→ **Task goal**
Restate the listing below word for word, omitting any images.
================
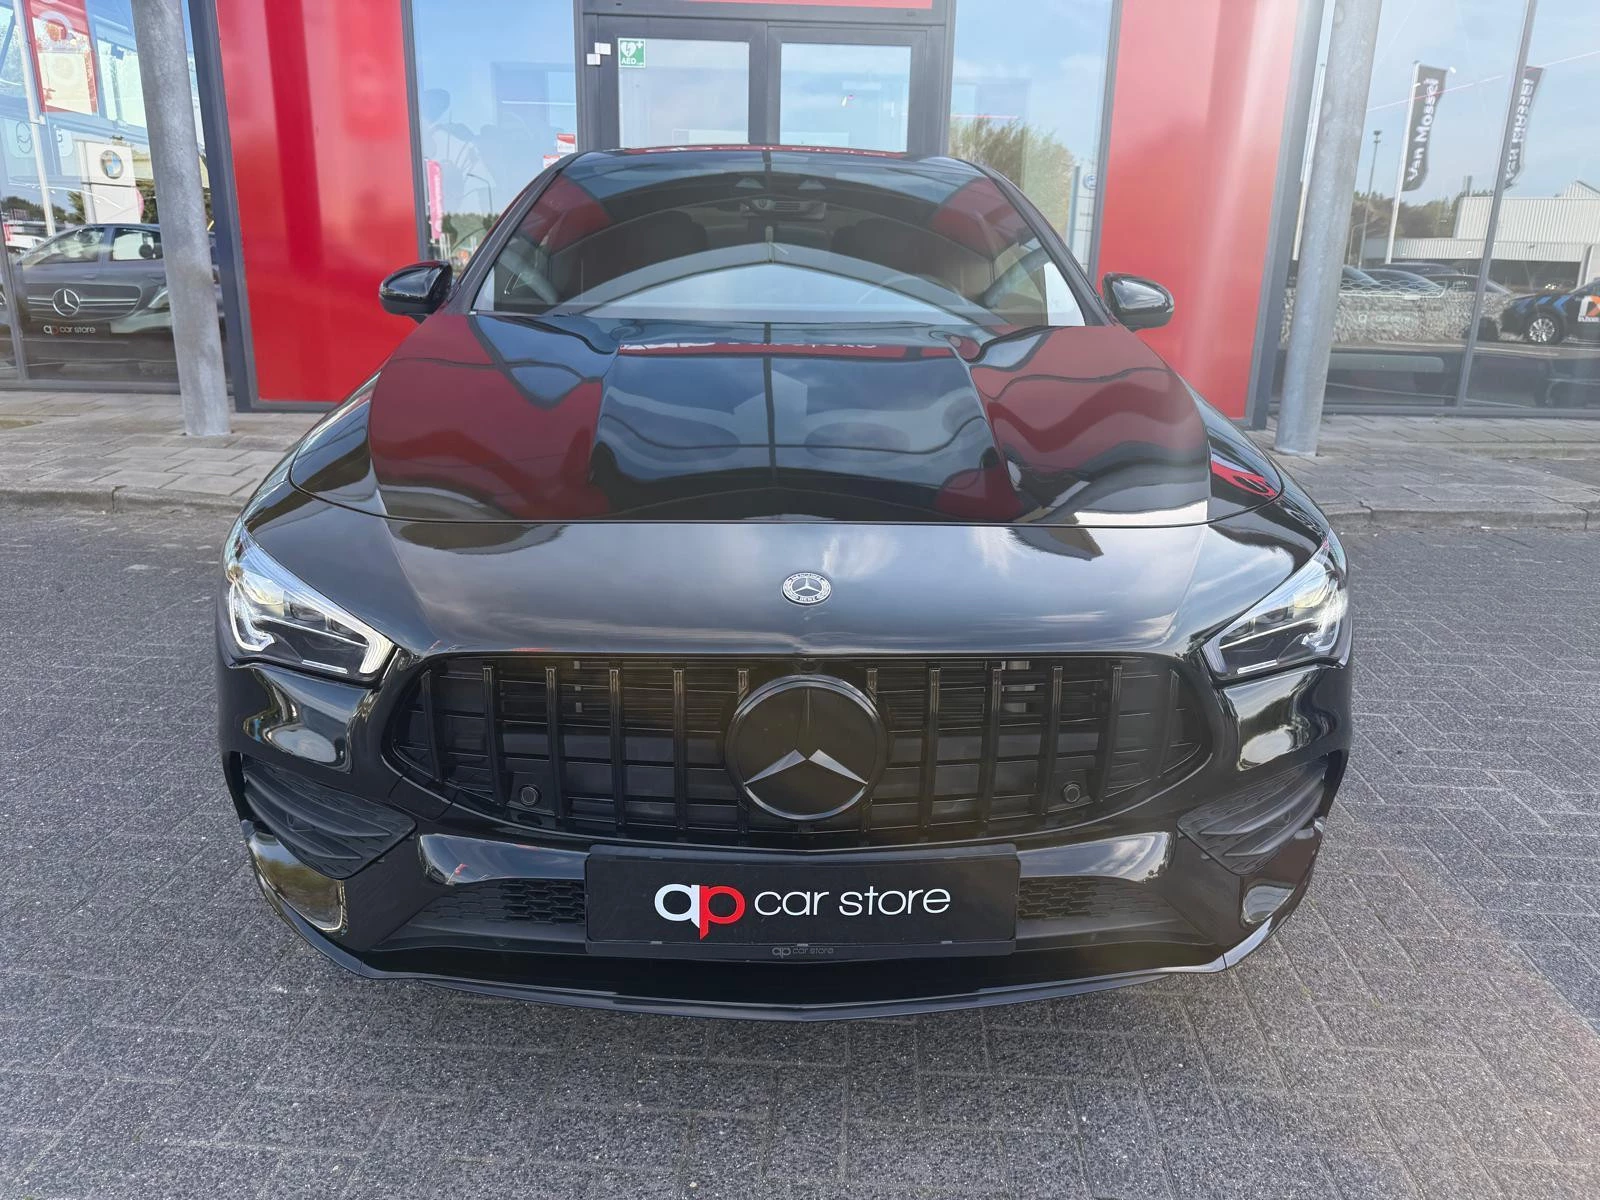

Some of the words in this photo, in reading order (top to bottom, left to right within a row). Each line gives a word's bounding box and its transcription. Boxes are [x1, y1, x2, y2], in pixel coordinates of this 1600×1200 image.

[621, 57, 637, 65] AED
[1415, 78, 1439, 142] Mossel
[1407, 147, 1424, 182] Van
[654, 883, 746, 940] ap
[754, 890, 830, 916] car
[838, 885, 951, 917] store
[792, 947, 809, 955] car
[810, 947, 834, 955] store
================
→ **Completed exercise**
Some of the words in this photo, in reading order (top to bottom, left to right within a row). Each line gives a word's bounding box and its transcription. Boxes are [x1, y1, x2, y2], in pixel coordinates of this 1600×1200 image.

[621, 57, 637, 65] AED
[1415, 78, 1439, 142] Mossel
[1407, 147, 1424, 182] Van
[654, 883, 746, 940] ap
[754, 890, 830, 916] car
[838, 885, 951, 917] store
[792, 947, 809, 955] car
[810, 947, 834, 955] store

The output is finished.